First, she rejects the idea that the Supreme Court is better positioned than lower courts to resolve important questions of fact because of their lighter caseload and the frequent filing of amicus briefs offering insights on such empirical issues. These qualities do not enhance the reliability of such factual findings, because such facts are often chosen not for their accuracy but rather for their ability “to build arguments and to tell a story.” (P. 101.)
Second, Larsen doubts whether factual claims (and their empirical support) are truly vetted by all of the Justices who join a particular opinion: “While we can be sure that a legal holding that garners five votes at the Court is debated by all of the Justices, the same assumption cannot be made about the factual claims that pepper the footnotes.” (P. 102.)
Third, Larsen argues that the Supreme Court lacks the competence to evaluate conflicting evidence as to particular factual claims. Unlike a specialized federal agency—which might justifiably deserve deference for its expertise and the process it must follow when issuing regulations—factual claims in Supreme Court opinions lack any assurance that competing authorities were carefully evaluated and inspected. If the authorities themselves are persuasive to lower courts, then the lower court should rely directly on those authorities. There should be no “extra persuasive bump” because they are cited in a Supreme Court opinion. (P. 107.)
Larsen’s article concludes by addressing a problem presented by the category of factual precedents she calls “premise facts.” One of several illustrations Larsen uses is the Supreme Court’s decision in Citizens United, which struck down a federal statute prohibiting certain political expenditures by corporations. The majority’s decision was based on the factual premise that corporate expenditures do not create corruption. After Citizens United, however, the Montana Supreme Court upheld a Montana statute forbidding political expenditures by corporations, based on a factual record showing that—at least in Montana—such expenditures corrupted the political process. Larsen observes that if such factual claims “are up for debate in any lower court in subsequent litigation, then we run the risk of chaos or at least a serious weak spot in the Supreme Court’s authority.” (P. 108.) Indeed, the Supreme Court promptly reversed the Montana Supreme Court in per curiam decision.
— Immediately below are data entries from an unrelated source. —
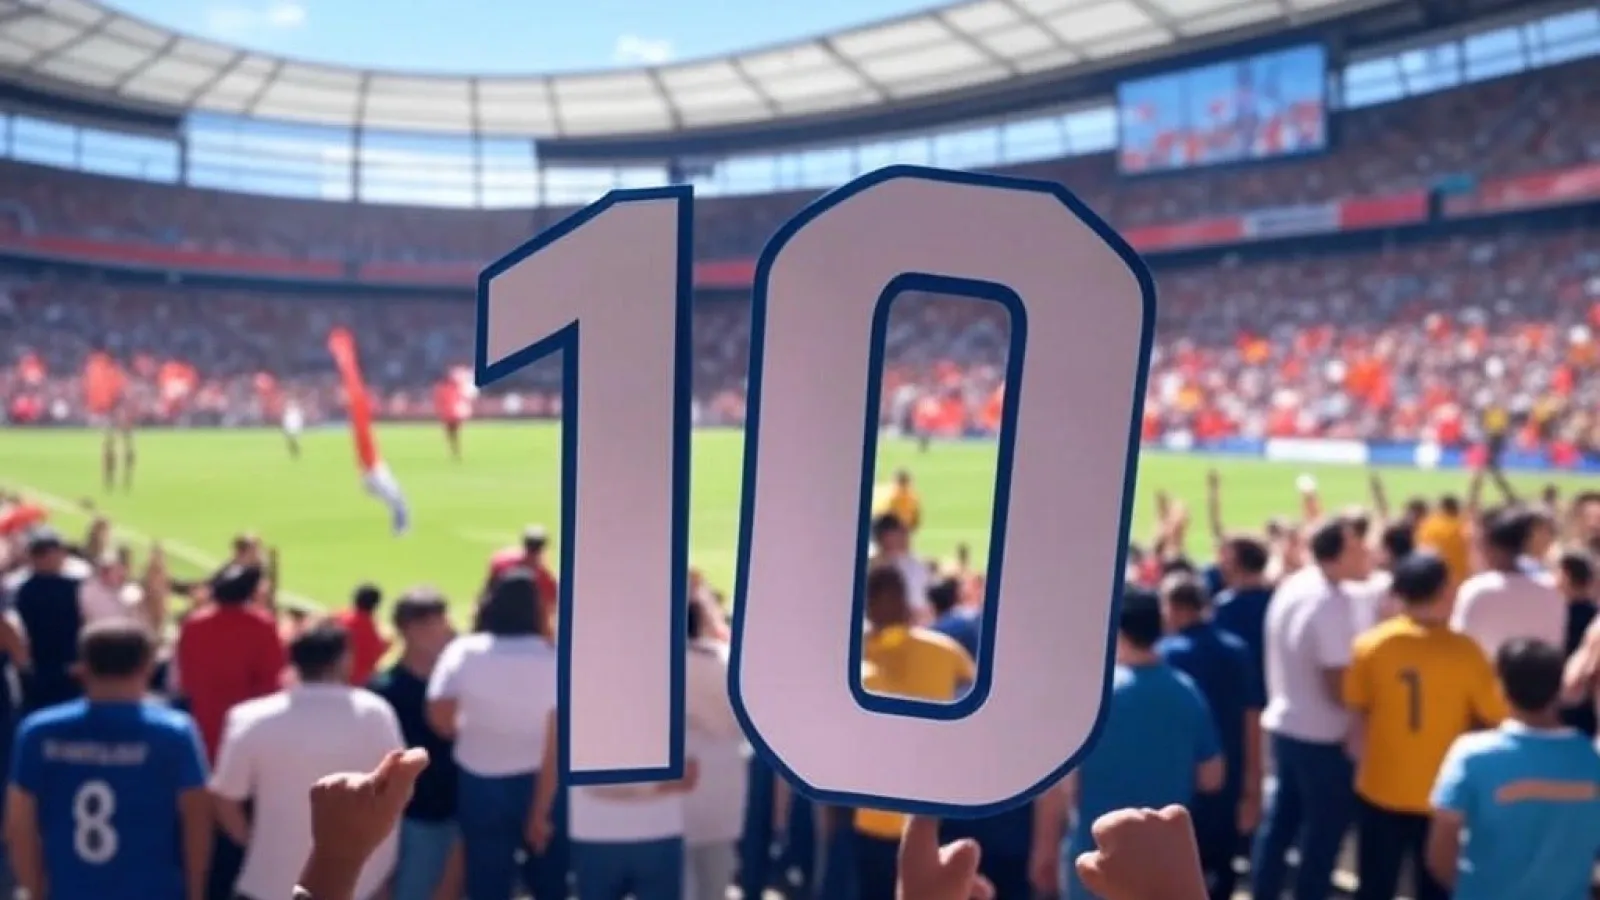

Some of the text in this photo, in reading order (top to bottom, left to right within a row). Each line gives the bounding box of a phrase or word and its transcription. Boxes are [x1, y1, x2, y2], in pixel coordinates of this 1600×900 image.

[475, 164, 1157, 818] 10
[1397, 667, 1422, 733] 1
[73, 780, 119, 863] 8
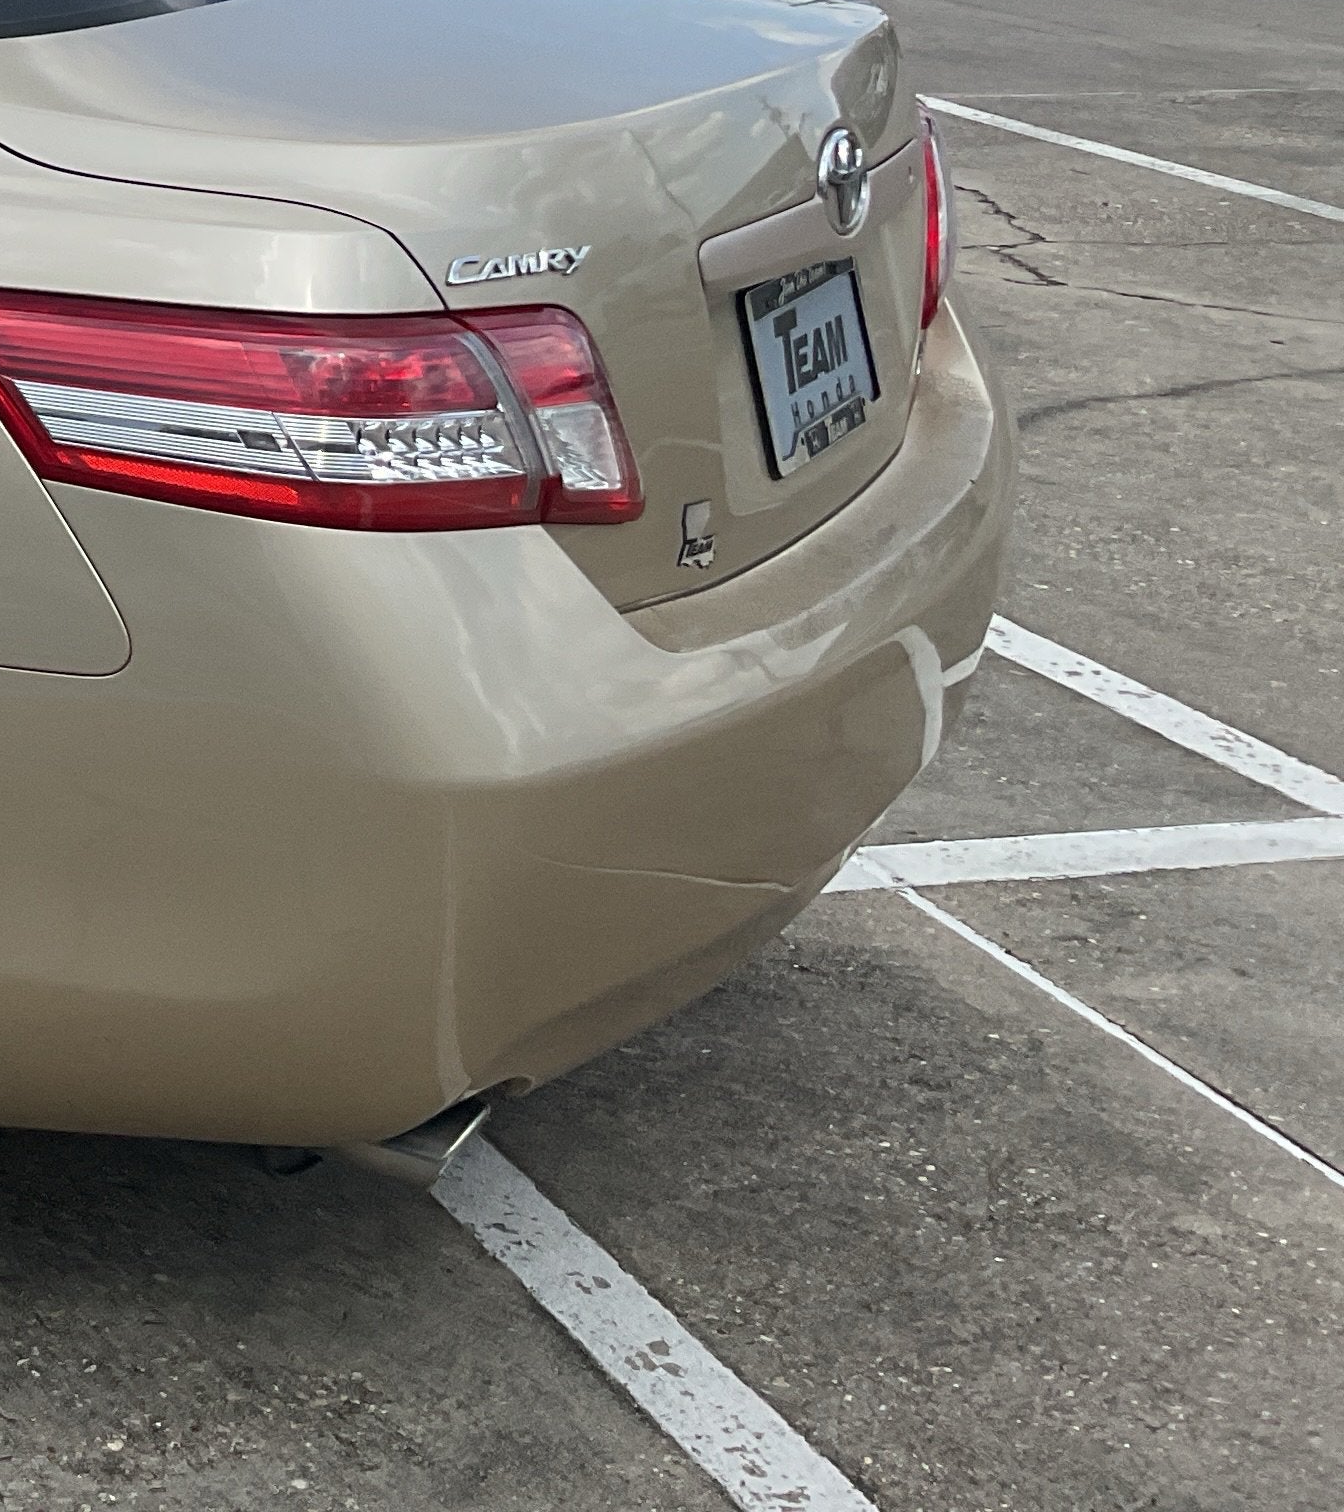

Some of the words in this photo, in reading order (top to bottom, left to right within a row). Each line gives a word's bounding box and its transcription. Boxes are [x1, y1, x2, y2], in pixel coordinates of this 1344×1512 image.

[446, 245, 592, 286] CAMRY
[773, 307, 848, 395] TEAM
[791, 374, 856, 427] Honda
As to these situations, Larsen proposes a clear statement rule: “If the Supreme Court is clear that its factual statements are part of a legal rule, then the statements are authoritative due to their legal component. Absent such a clear label, a lower court should assume that the factual dispute is open for debate.” (PP. 111-12.) This is a thoughtful solution, but I wonder whether it is necessary to create this exception to what would otherwise be a strict no-factual-precedents approach. Citizens United, Larsen recognizes, might be understood as choosing a bright-line rule that “corporate election spending is protected,” rather than a more flexible standard that “corporate election expenditures are protected by the First Amendment when it is reasonably doubtful they will corrupt.” (PP. 109-10.) One can explain the Supreme Court’s treatment of the Montana decision, therefore, in terms of the law created by Citizens United, without having to allow situations where facts alone have precedential force.
As the saying goes, the Supreme Court is not final because it is infallible; it is infallible because it is final. It is crucial, therefore, to think carefully about when stare decisis should obligate lower courts to replicate potentially fallible features of Supreme Court opinions solely because of that Court’s place atop the judicial pyramid. By diagnosing and analyzing the problem of factual precedents—and showing us how the likelihood of fallibility is heightened when it comes to the factual claims Justices use in their opinions—Larsen makes a must-read contribution to this important line of inquiry.